KEIR RADNEDGE REPORTS: Two of Jose Mourinho’s protégés have expressed full confidence in the ability of The Special One to turn Chelsea around after the Premier champions’ worst start to a season in 27 years.
Speculation has developed that Mourinho’s second spell at Stamford Bridge could come to a sudden halt if the Blues lose at home to Jurgen Klopp’s Liverpool.
But, with the perspective of distance and personal knowledge, Galatasaray midfielder Wesley Sneijder and Fenerbahce coach Vitor Pereira – whose clubs shared a 1-1 draw in the Istanbul derby last weekend – have a different view.
Holland midfielder Sneijder played for Mourinho in 2009-10 at Internazionale when the Italian club the treble of Champions League, Serie A and Coppa Italia; Pereira was a youth coach, watching and learning from Mourinho when the latter was building his initial successful regime at Porto.
Sneijder, who has won 19 titles at club level and won 119 caps for Holland over the past 12 years, considers Mourinho the finest coach he has ever worked with.
He said: “Mourinho is Mourinho. He will always come back. Everybody can have a difficult period as a coach or as a player. It seems as if, at Chelsea now, they are all having this sort of period together but he will get out of it. I know it for sure. People who love Chelsea don’t need be worried.
“He is the best manager in Europe because a coach does not to be only good in coaching but good as an all-round manager of all the parts of a team. He always comes up with a very good strategy for action when it comes to analysing games and opponents.
“Also, on an individual basis, he makes players improve. Even if you are a good player then he makes you a better player.
“When you can only pick 11 players for the start of a game it is difficult to keep all the player satisfied but he always finds a way to support all his players and give them a good feeling about the work they are doing.
“In my career I’ve worked with a lot of good coaches but he is a complete guy. He’s the one who has everything.”
Mourinho has been the subject of growing speculation that he is suffering a third-season syndrome after some inconsistent team selections, eratic substitutions erratic – witness Nemanja Matic brought on against Southampton and then replaced – and all his favoured players losing form at the same time.
But Mourinho always makes his changes with a purpose and with ultimate success, according to Pereira.
He said: “I was coaching the under-19s when Mourinho came for his first season at Porto. He was a young coach with a lot of older players and at first he spoke very well about them.

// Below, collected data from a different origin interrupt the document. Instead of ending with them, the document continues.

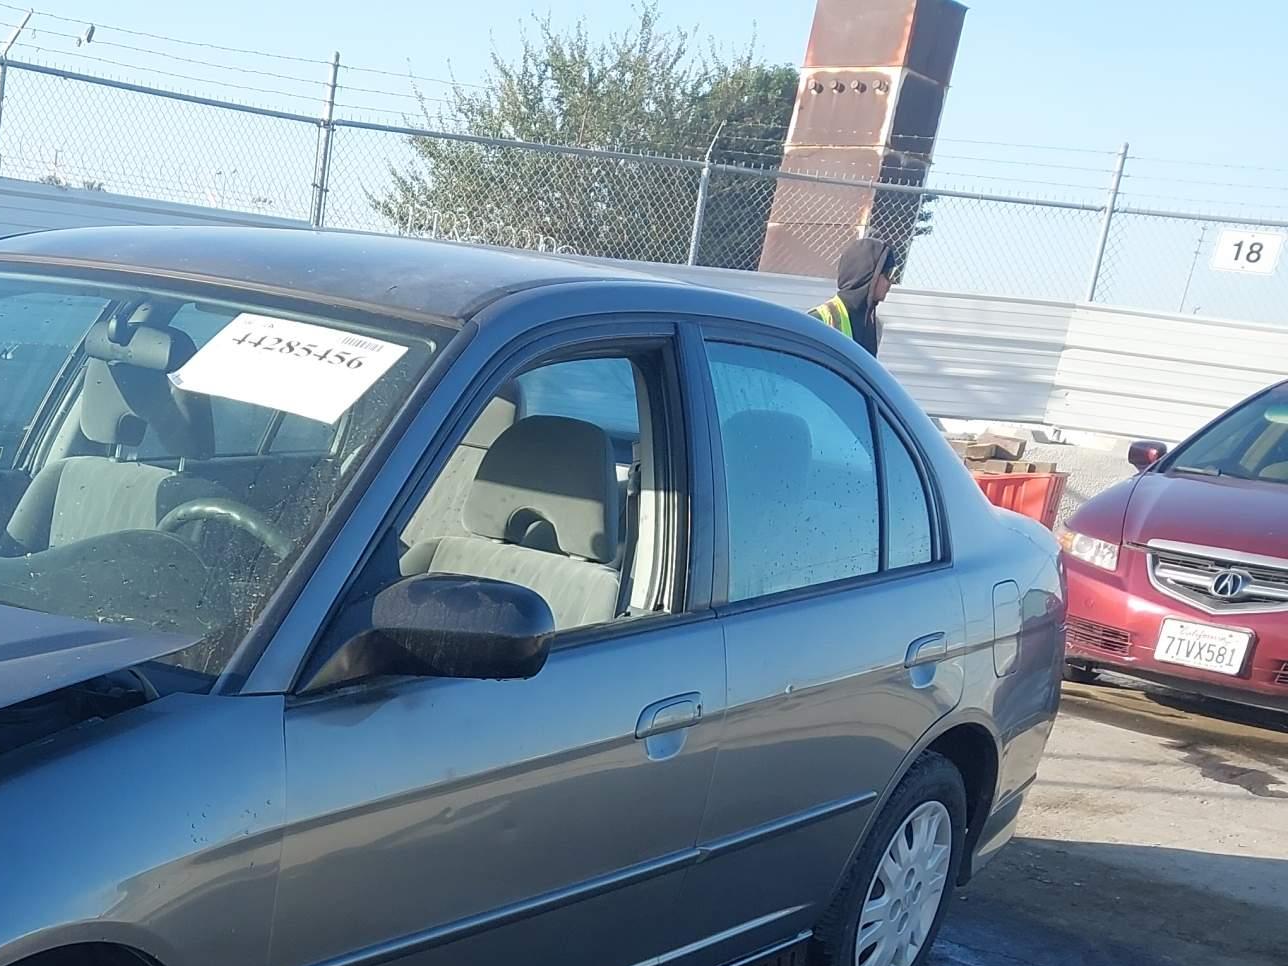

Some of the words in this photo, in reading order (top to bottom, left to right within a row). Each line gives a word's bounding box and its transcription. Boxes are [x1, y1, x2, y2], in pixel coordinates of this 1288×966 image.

[1233, 240, 1264, 263] 18
[231, 332, 367, 370] 44285456
[1165, 635, 1237, 667] 7TVX581
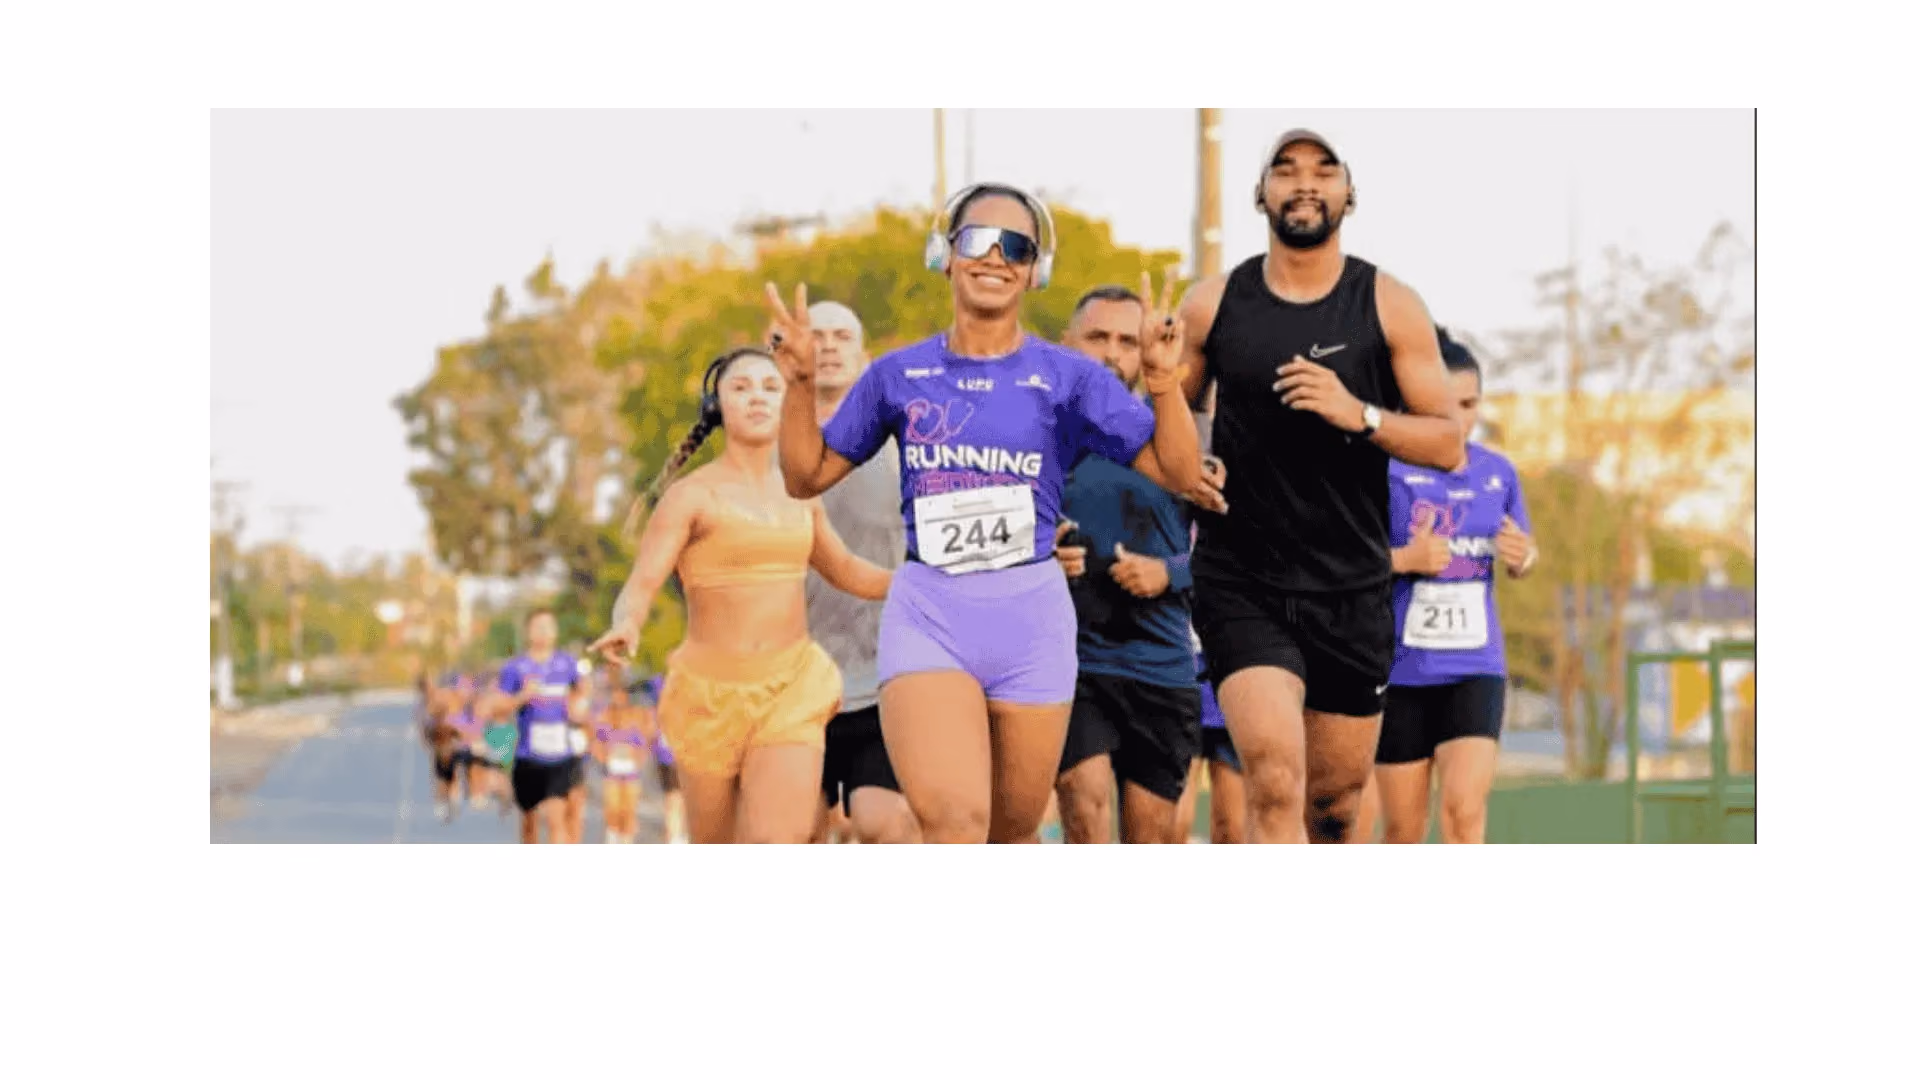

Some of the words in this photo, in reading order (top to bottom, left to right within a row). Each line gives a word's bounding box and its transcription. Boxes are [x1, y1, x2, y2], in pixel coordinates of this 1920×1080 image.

[905, 444, 1042, 477] RUNNING
[941, 516, 1012, 554] 244
[1423, 605, 1468, 629] 211

But after a little while he realised 10 or 11 had to be moved out.
“He was quite ready to do that and he was proved right because they won the league and the cup and the UEFA Cup.

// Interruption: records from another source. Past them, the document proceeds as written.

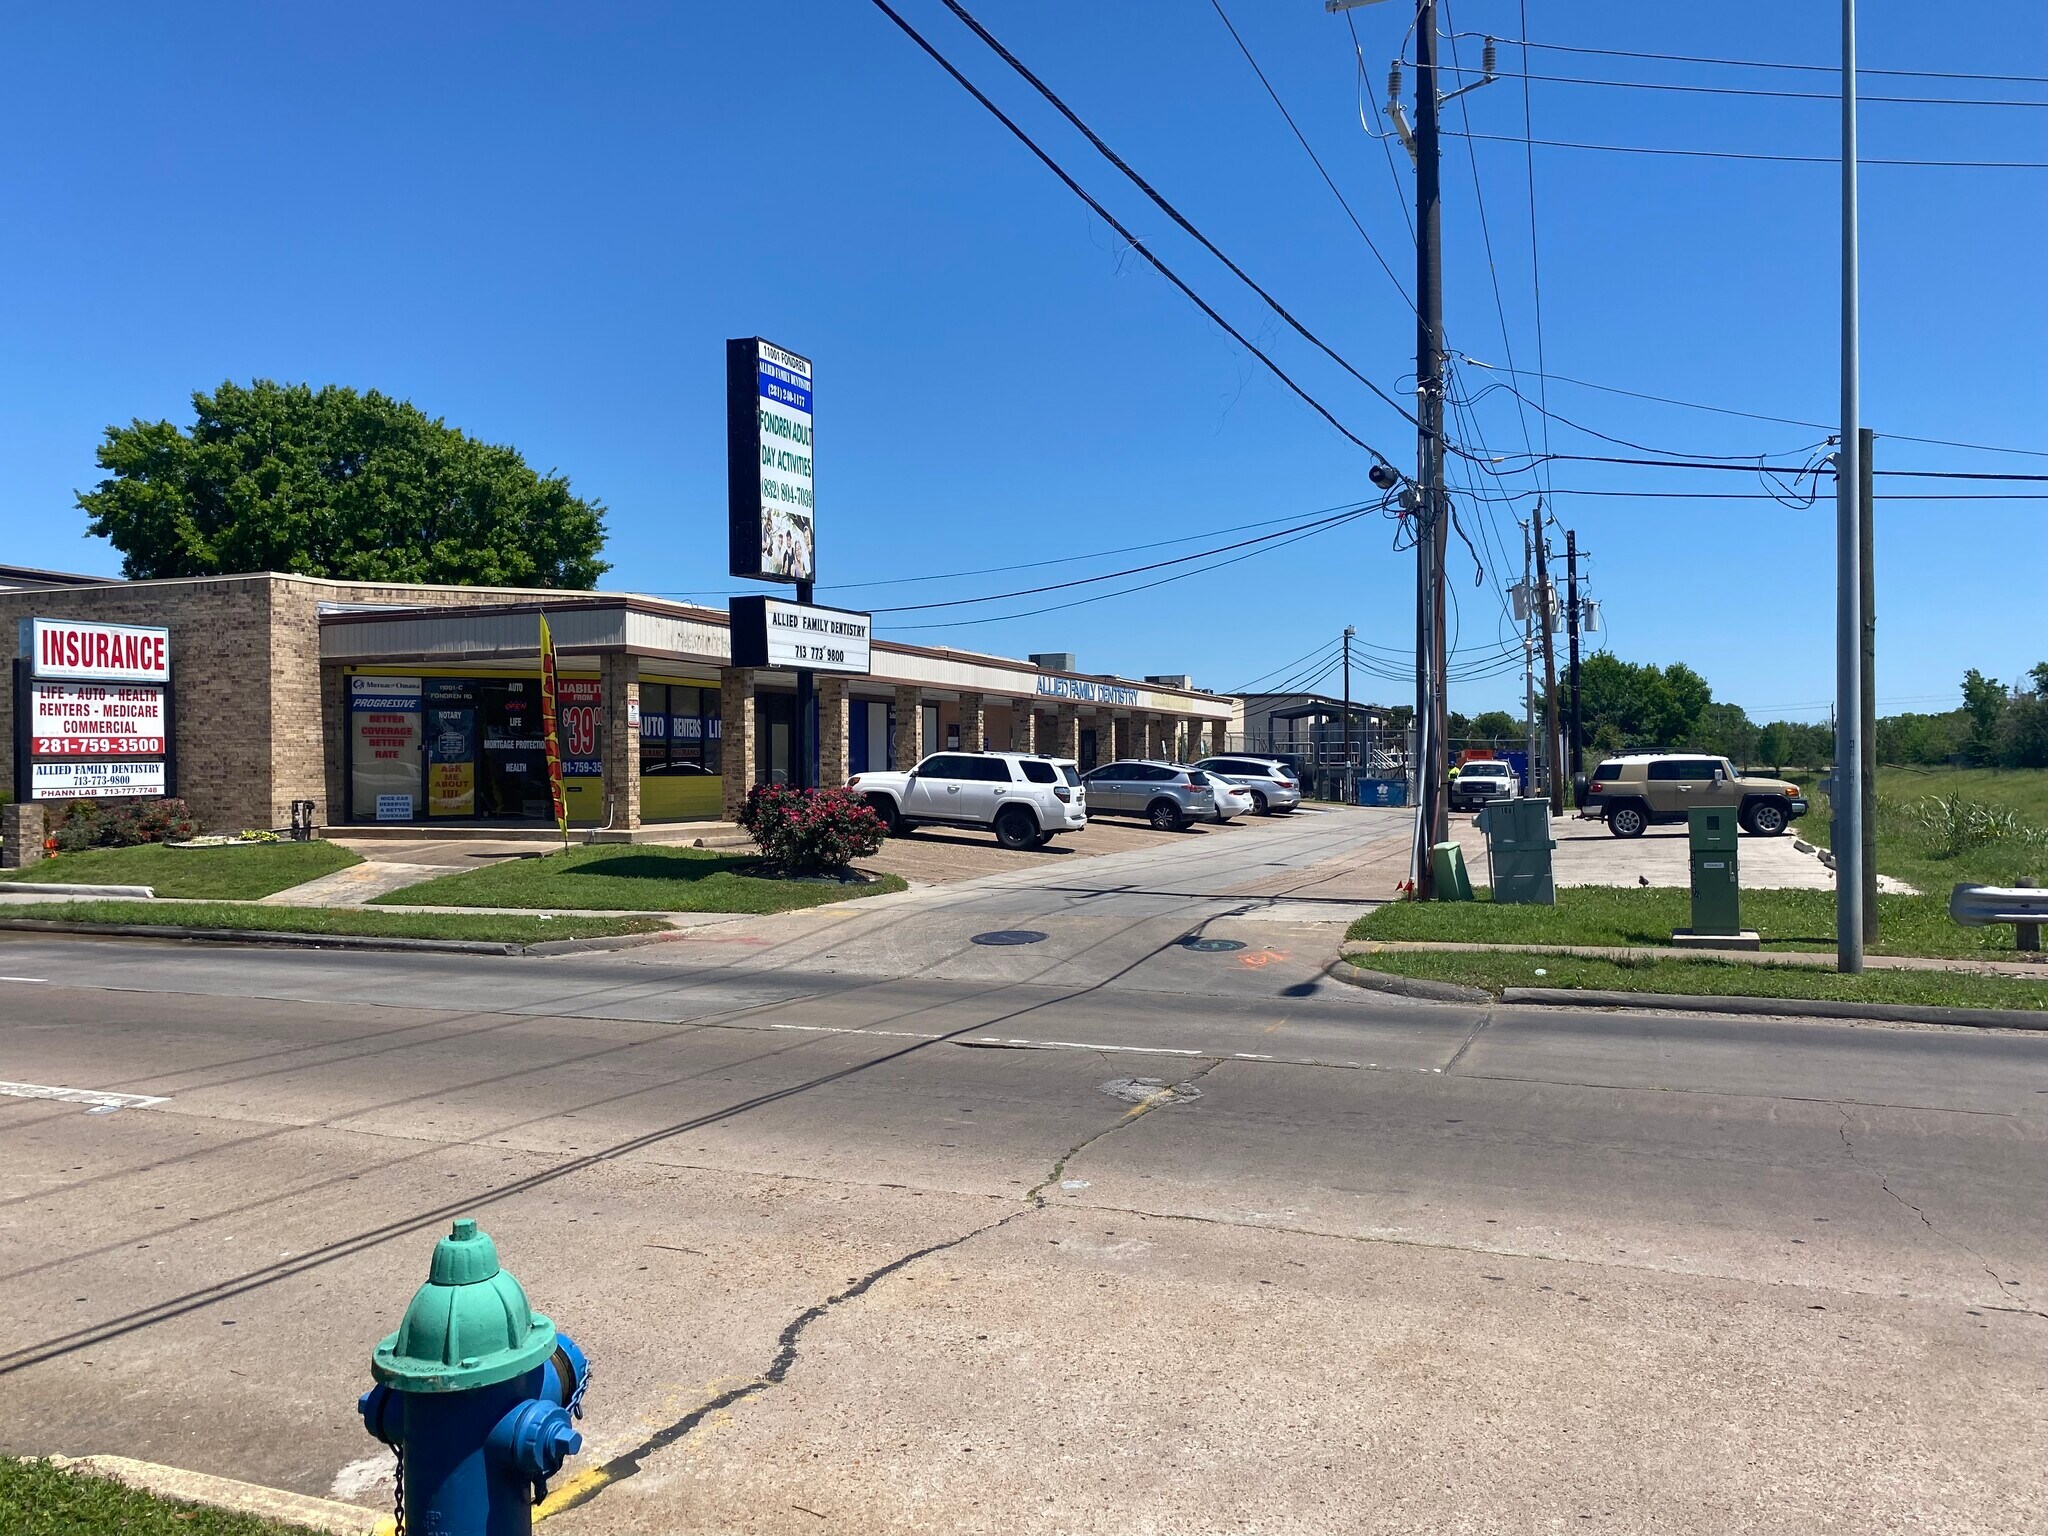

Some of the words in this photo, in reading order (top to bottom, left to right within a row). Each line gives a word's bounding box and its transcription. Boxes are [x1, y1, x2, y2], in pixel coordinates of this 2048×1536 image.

[764, 345, 780, 362] 11001
[781, 352, 806, 374] FONDREN
[760, 361, 775, 378] ALLIED
[776, 368, 790, 384] FAMILY
[790, 374, 810, 392] DENTISTRY
[760, 410, 792, 440] FONDREN
[792, 422, 812, 446] ADULT
[762, 444, 776, 468] DAY
[778, 450, 811, 478] ACTIVITIES
[762, 478, 780, 501] (832)
[780, 483, 812, 508] 804-7039
[772, 612, 798, 628] ALLIED
[802, 616, 828, 632] FAMILY
[830, 621, 866, 638] DENTISTRY
[42, 630, 164, 670] INSURANCE
[795, 645, 806, 658] 713
[811, 646, 824, 660] 773
[828, 648, 844, 662] 9800
[40, 686, 64, 699] LIFE
[77, 687, 106, 700] AUTO
[118, 688, 157, 702] HEALTH
[508, 683, 523, 692] AUTO
[1036, 676, 1068, 697] ALLIED
[1069, 680, 1096, 701] FAMILY
[1098, 683, 1138, 706] DENTISTRY
[40, 702, 90, 716] RENTERS
[103, 704, 158, 718] MEDICARE
[353, 698, 416, 708] PROGRESSIVE
[370, 714, 405, 724] BETTER
[438, 711, 462, 720] NOTARY
[510, 718, 522, 726] LIFE
[63, 720, 138, 734] COMMERCIAL
[362, 726, 412, 736] COVERAGE
[640, 716, 664, 736] AUTO
[674, 718, 702, 738] RENTERS
[38, 738, 158, 752] 281-759-3500
[369, 738, 404, 747] BETTER
[484, 740, 514, 748] MORTGAGE
[375, 750, 399, 758] RATE
[36, 766, 72, 776] ALLIED
[76, 764, 108, 774] FAMILY
[112, 764, 160, 774] DENTISTRY
[441, 764, 462, 772] ASK
[506, 763, 526, 772] HEALTH
[73, 776, 130, 786] 713-773-9800

“He could achieve all that and continue to achieve so much wherever he works because he is, first of all, a fantastic coach. Of course he has a very strong personality. He has always been the same way. Sometimes he provokes conflict to create results.
“But whatever else has changed in his career how you see him now it the same way he always been.”
The “way he has always been” has included his demotion of club doctor Eva Carneiro – for obeying medical ethics as well the referee’s order to attend to injured Hazard – was disrespectful and misjudged. A swift apology for reaction in the heat of the moment would have disarmed the situation. Instead everything appeared to disintegrate from that point.
This month he has been fined £50,000 and handed a suspended one-match stadium ban for comments about a referee after a 3-1 defeat at Southampton – currently the subject of appeal – and been charged over his behaviour during last Saturday’s 2-1 defeat by West Ham when he was sent to the stands for invading the referee’s room at half-time.
Three weeks ago Chelsea owner Roman Abramovich gave Mourinho a vote of confidence, something never granted the likes of Roberto Di Matteo, Andre Villas-Boas, Carlo Ancelotti and Luiz Felipe Scolari. Yet their results were never as poor as this, with Chelsea having taken 11 points from their first 10 league games.
The Russian oligarch is reluctant to part company with the Portuguese for a second time for several reasons.
Firstly, Mourinho’s return has brought stability back to a club which ran through 10 managers in 10 years; secondly, he retains the confidence of the fans; thirdly, he has only recently signed a new four-year contract and would likely insist on it being paid up in full; and, fourthly, Chelsea would have to chase down yet another caretaker manager.
Like Manchester City’s Emirati owners, Abramovich has long held ambitions to bring Pep Guardiola to the Premier League. But the Catalan remains a mirage.
For the moment Mourinho is the man and – Sneijder and Pereira believe – he is also the man to turn Chelsea’s season around.